Generalized multi-view model: Adaptive density estimation under low-rank constraints

TL;DR

This paper introduces adaptive estimators for low-rank density estimation in both discrete and continuous settings, achieving near-optimal convergence rates and handling unknown parameters efficiently.

Contribution

It proposes novel estimators that are adaptive to rank, smoothness, and support, with algorithms that are computationally efficient.

Findings

Achieves minimax optimal convergence rates up to logarithmic factors.

Estimator is adaptive to unknown rank, smoothness, and support.

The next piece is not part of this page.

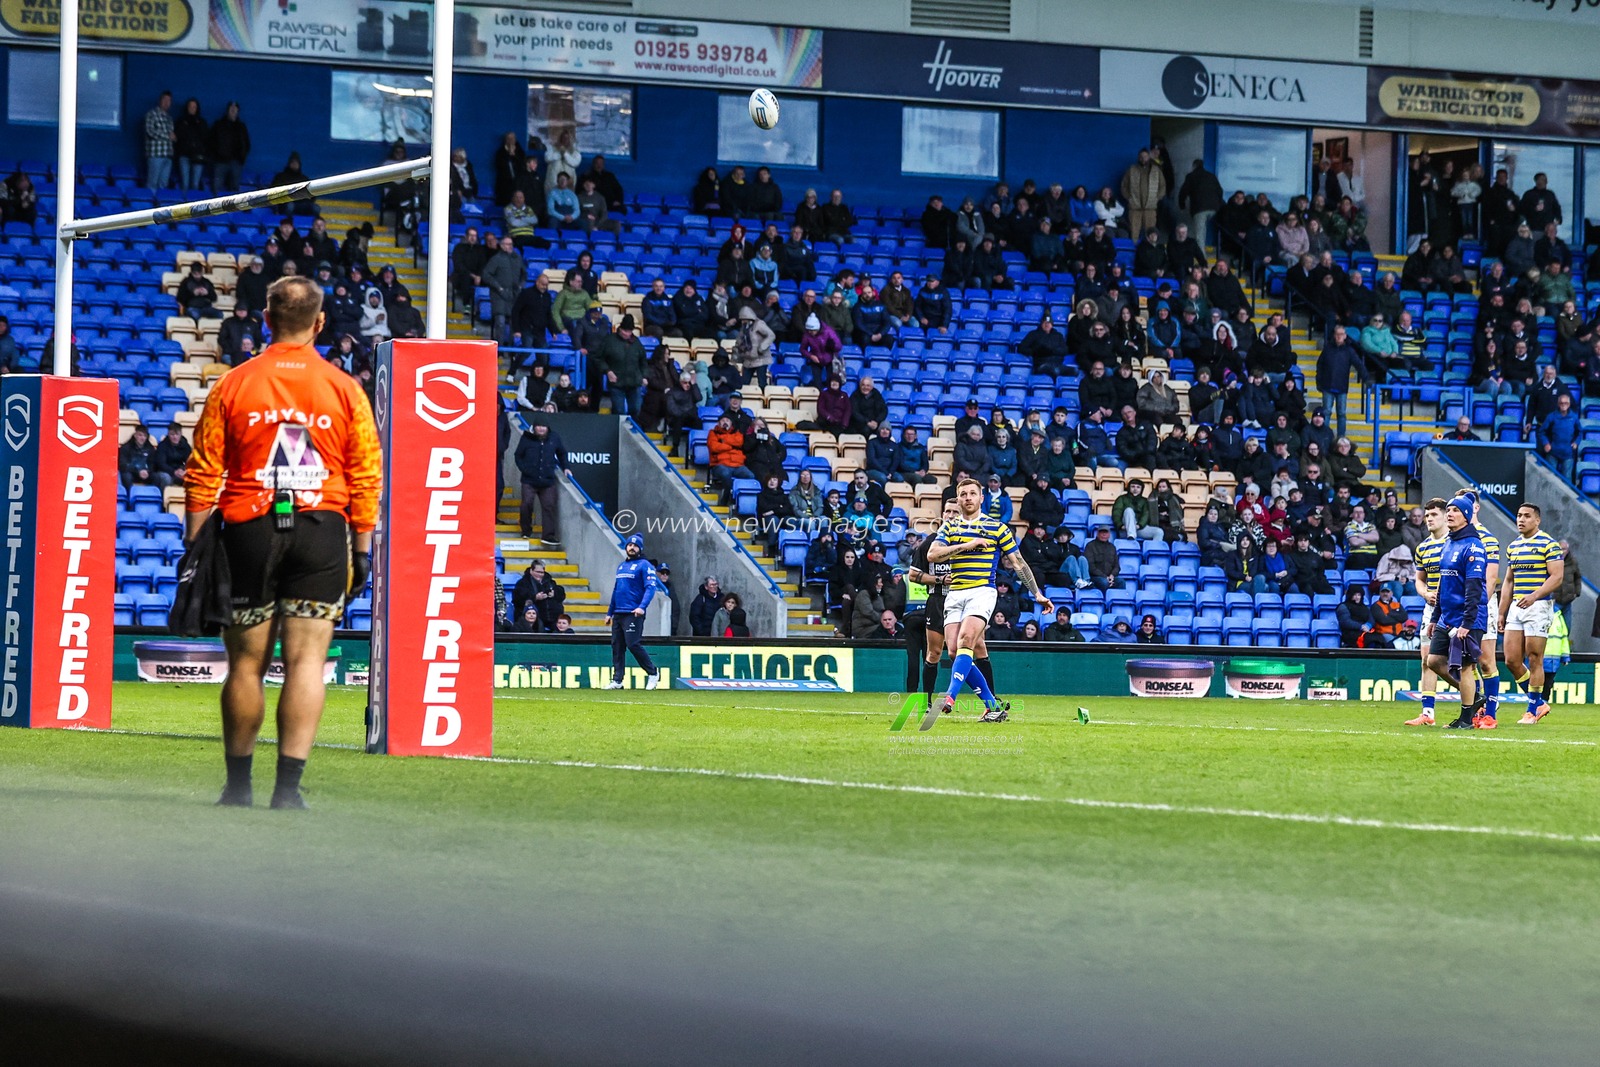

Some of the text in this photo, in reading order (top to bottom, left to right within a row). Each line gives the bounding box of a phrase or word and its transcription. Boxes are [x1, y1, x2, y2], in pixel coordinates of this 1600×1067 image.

Provides efficient algorithms for practical implementation.

Abstract

We study the problem of bivariate discrete or continuous probability density estimation under low-rank constraints.For discrete distributions, we assume that the two-dimensional array to estimate is a low-rank probability matrix. In the continuous case, we assume that the density with respect to the Lebesgue measure satisfies a generalized multi-view model, meaning that it is $\beta$-H{\"o}lder and can be decomposed as a sum of $K$ components, each of which is a product of one-dimensional functions. In both settings, we propose estimators that achieve, up to logarithmic factors, the minimax optimal convergence rates under such low-rank constraints. In the discrete case, the proposed estimator is adaptive to the rank $K$. In the continuous case, our estimator converges with the $L_1$ rate $\min((K/n)^{\beta/(2\beta+1)}, n^{-\beta/(2\beta+2)})$ up to logarithmic factors, and it is adaptive to the unknown support as well as to the smoothness $\beta$ and to the unknown number of separable components $K$. We present efficient algorithms for computing our estimators.